**TASK DESCRIPTION**
Pictures do not belong in the copy; retype the records below exactly.

**DATA UNDER STUDY**

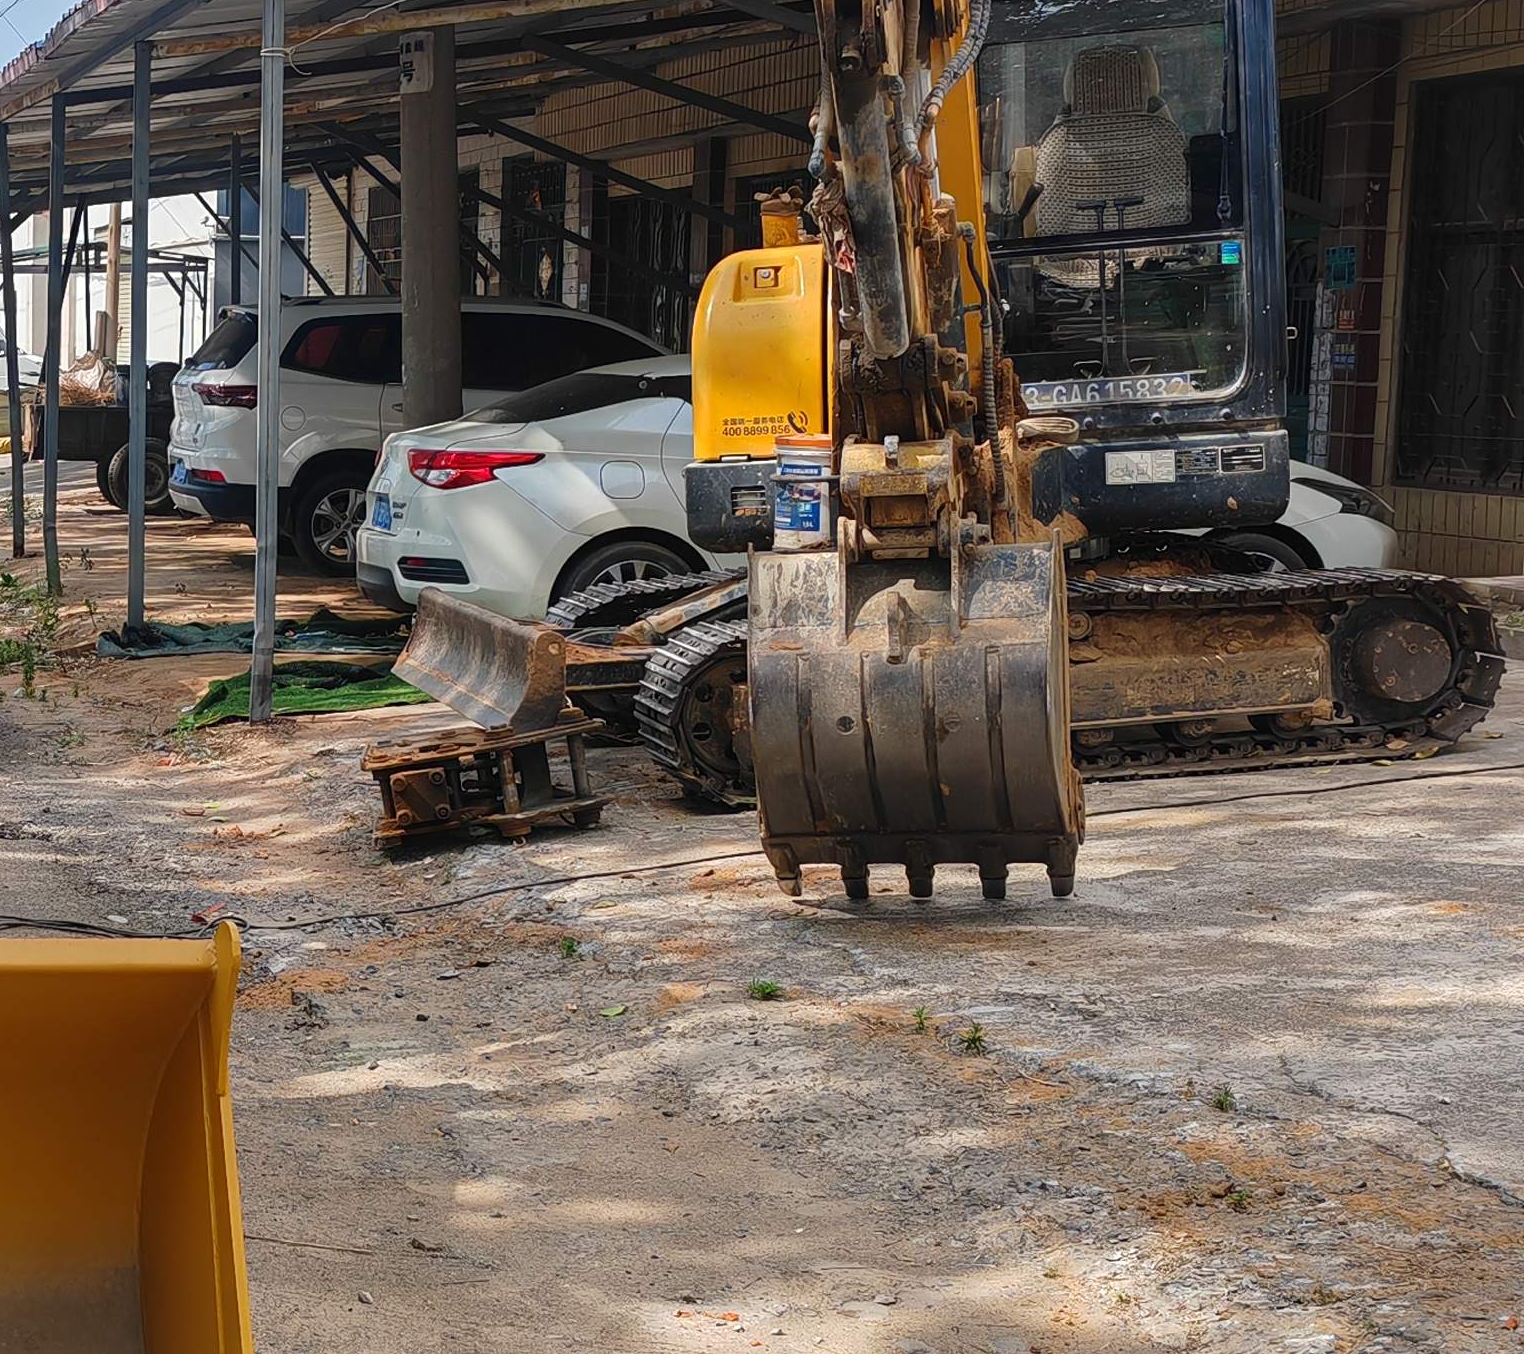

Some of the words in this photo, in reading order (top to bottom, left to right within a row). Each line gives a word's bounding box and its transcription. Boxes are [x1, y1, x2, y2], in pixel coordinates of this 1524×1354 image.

[722, 426, 742, 437] 400
[743, 425, 769, 436] 8899
[771, 424, 790, 435] 856
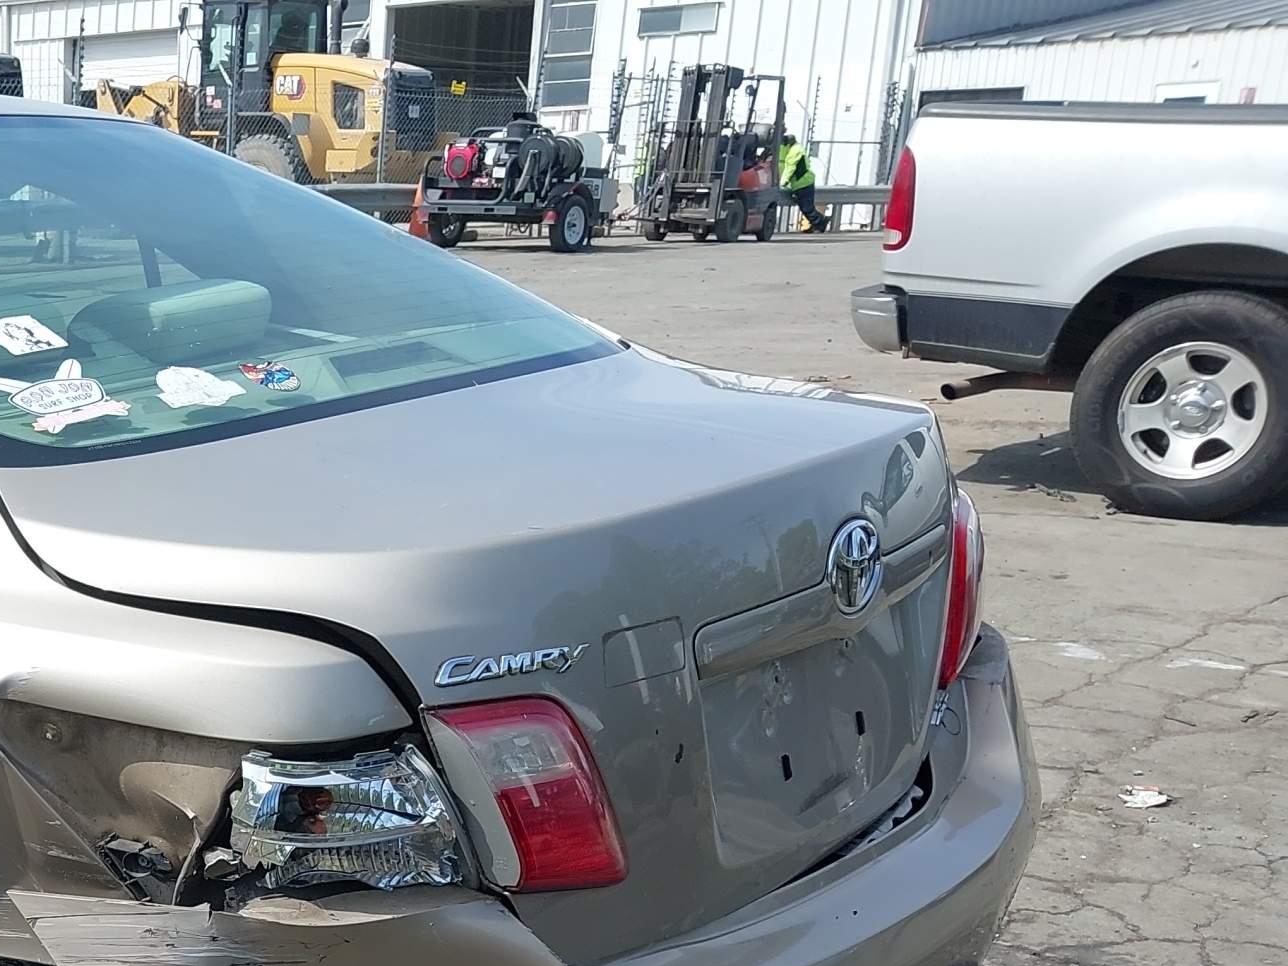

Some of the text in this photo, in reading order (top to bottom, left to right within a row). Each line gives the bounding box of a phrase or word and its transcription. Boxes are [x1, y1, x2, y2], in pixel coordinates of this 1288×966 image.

[275, 75, 300, 95] CAT
[38, 392, 93, 410] SURF SHOP
[434, 643, 590, 687] CAMRY

**WRITTEN ANSWER**
Some of the words in this photo, in reading order (top to bottom, left to right within a row). Each line gives a word's bounding box and its transcription. Boxes are [x1, y1, x2, y2], in pixel coordinates of this 1524×1354 image.

[722, 426, 742, 437] 400
[743, 425, 769, 436] 8899
[771, 424, 790, 435] 856

Some of the text in this photo, in reading order (top to bottom, left to right within a row). Each line gives the bounding box of a phrase or word and its transcription. Boxes are [x1, y1, x2, y2], in pixel coordinates of this 1288×966 image.

[275, 75, 300, 95] CAT
[38, 392, 93, 410] SURF SHOP
[434, 643, 590, 687] CAMRY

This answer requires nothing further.